"Weihrauch statt kritischer Analyse" habe der ORF im Radiokolleg: Gewalt und Religion serviert. Die anschauliche Formel verdichtet den von Martin Praska an diesem Ort veröffentlichten Kommentar ("Religion ist friedlich, der Kimono griechisch", STANDARD vom 6. Mai). Hätte sich Praska von der Etymologie des Wortes Kritik inspirieren lassen, so müsste er damit ernst machen, dass Kritik vom "krinein" kommt. Sie zeichnet sich durch die Gabe der Unterscheidung aus.

Mit einer solchen scheint er nicht gesegnet zu sein. Deswegen verkommt sein Text zum recht geistlosen "Abwatschen". Auf dem Niveau und auch im Stil einer Bierstammtischrunde religionskritischer Zeitgenossen werden der Reihe nach: der ORF als eine kryptoreligiöse Funkanstalt entlarvt, der verantwortliche Gestalter der Sendung, Johannes Kaup, als "katholischer Theologe" geoutet, die Sendereihe als "Schwafelei" der Theologen diffamiert.
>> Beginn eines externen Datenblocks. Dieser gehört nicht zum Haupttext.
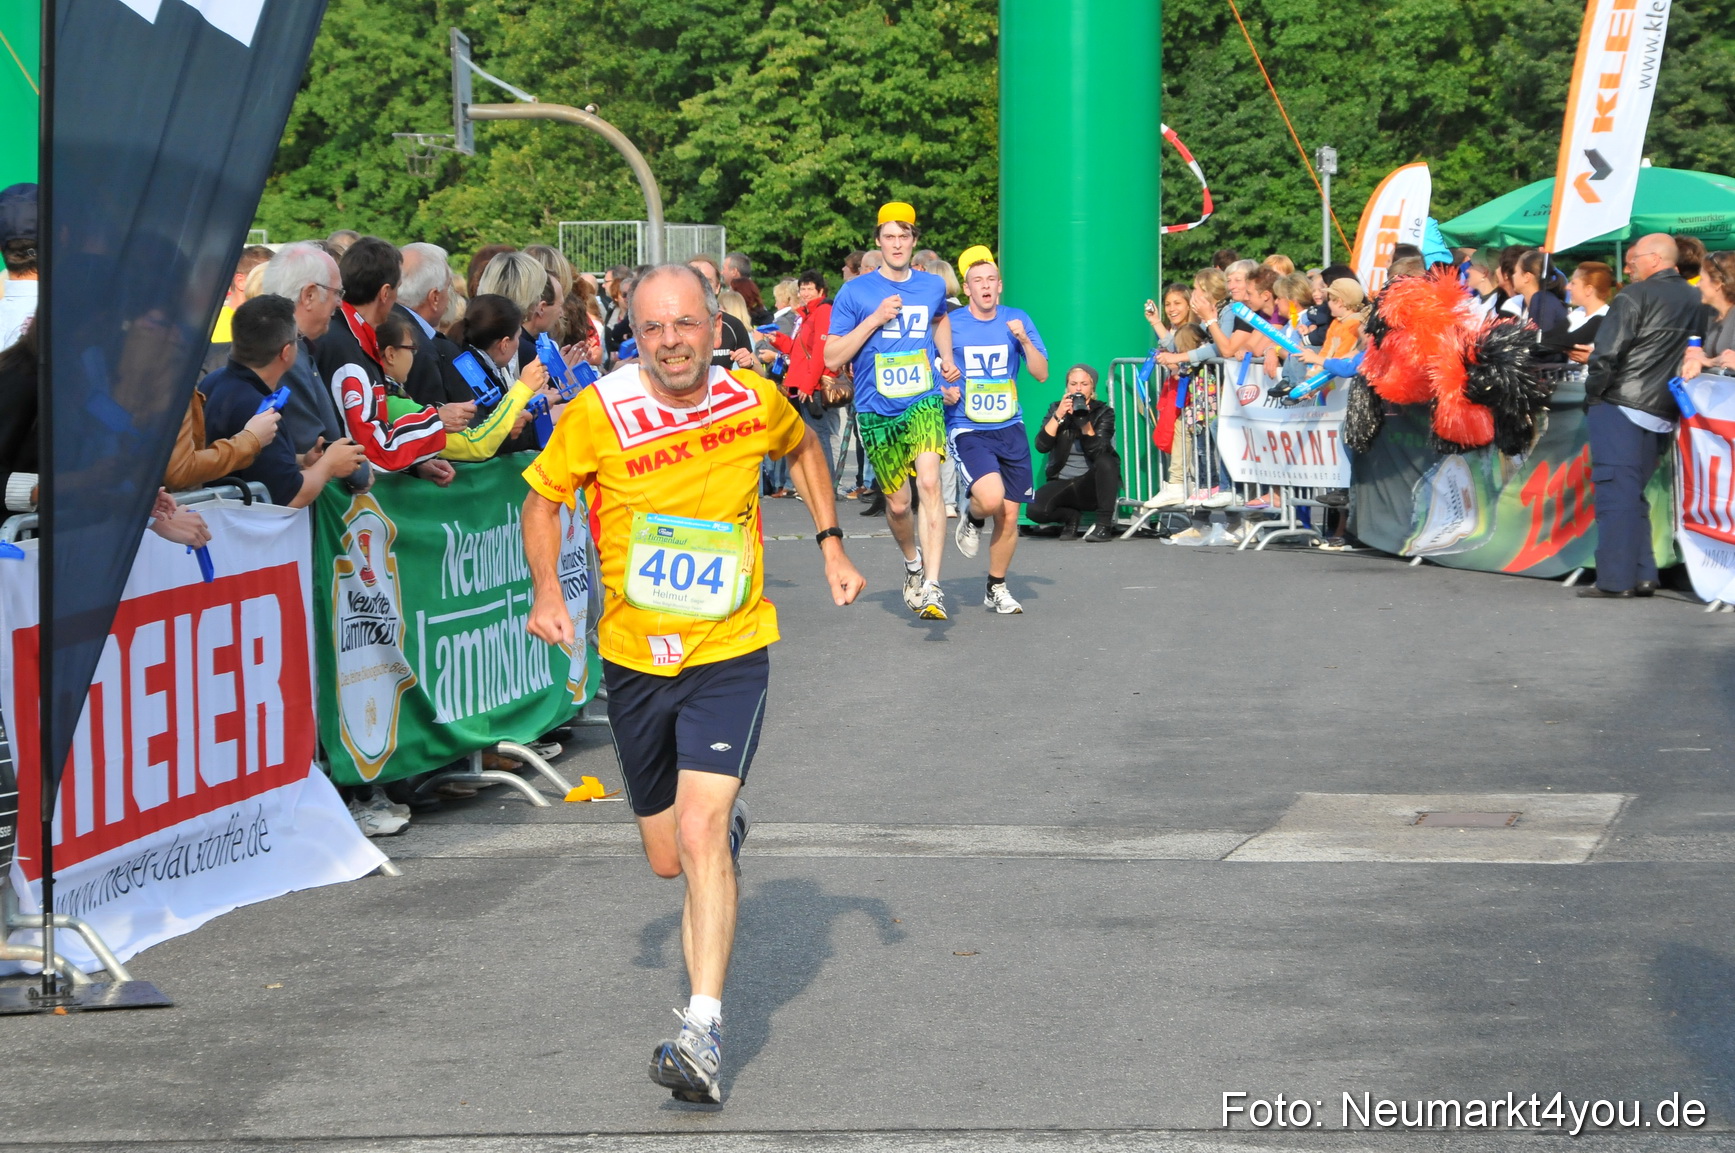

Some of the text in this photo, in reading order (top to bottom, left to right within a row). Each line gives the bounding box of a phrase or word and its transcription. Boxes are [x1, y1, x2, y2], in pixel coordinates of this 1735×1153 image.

[1678, 213, 1726, 224] Neumarkter
[883, 365, 921, 387] 904
[972, 393, 1007, 411] 905
[625, 417, 766, 478] MAX BÖGL
[1241, 425, 1338, 466] XL-PRINT
[648, 532, 688, 545] firmenlauf
[639, 549, 724, 594] 404
[653, 588, 688, 602] Helmut
Wer auf diese Weise einen "kritischen" Diskurs beginnt, will auf seinen gesellschaftlichen Ort, sein Interesse und auch sein Leiden aufmerksam machen. Als Vertreter von Menschen "ohne Bekenntnis" beklagt Praska, dass dem "säkularen Element in unserer Gesellschaft" und den "religionskritischen" Sendungen im Radio kaum Raum gegeben werde. Deswegen verfestige die mediale "Volksbildung" die Vorurteile eines "katholischen Landes". Und wer will heute schon in einem Land leben, dessen Lebenskultur Praska auf die prägnante Formel bringt: "Hände falten, Gosch'n halten"? Schon diese Qualifizierung wird für den Applaus in der Stammtischrunde sorgen.

Damit es nicht so weit kommt, hält uns der Autor seine "Aufklärungsfackel" entgegen? Wie sieht sie aus? Im Grunde lässt sie sich auf eine These reduzieren: Religion generiere Gewalt! So etwas sei doch "offensichtlich". Wem das als Argument nicht genügt, dem werden ein paar Zitate aus der Bibel zur Aufklärung schon weiterhelfen. Oder aber die Hinweise auf den "Absolutheitsanspruch abrahamitischer Religionen", auf die Rolle katholischer Priester im Kontext des Völkermordes in Ruanda, auf den Katholiken Adolf Hitler und den messianischen Führerkult von Stalin.

Und der christliche Antisemitismus darf auch nicht vergessen werden. Wie in "einer tibetanischen Gebetsmühle" werden im Text die Beweise heruntergeleiert. Soll sich der Kritiker einer ähnlichen Methode bedienen? Indem er beispielsweise auf den blutigen Weg zur säkularen Türkei und den Armeniengenozid verweist? Nein! Er fragt lieber: Was bringt eine solche Strategie?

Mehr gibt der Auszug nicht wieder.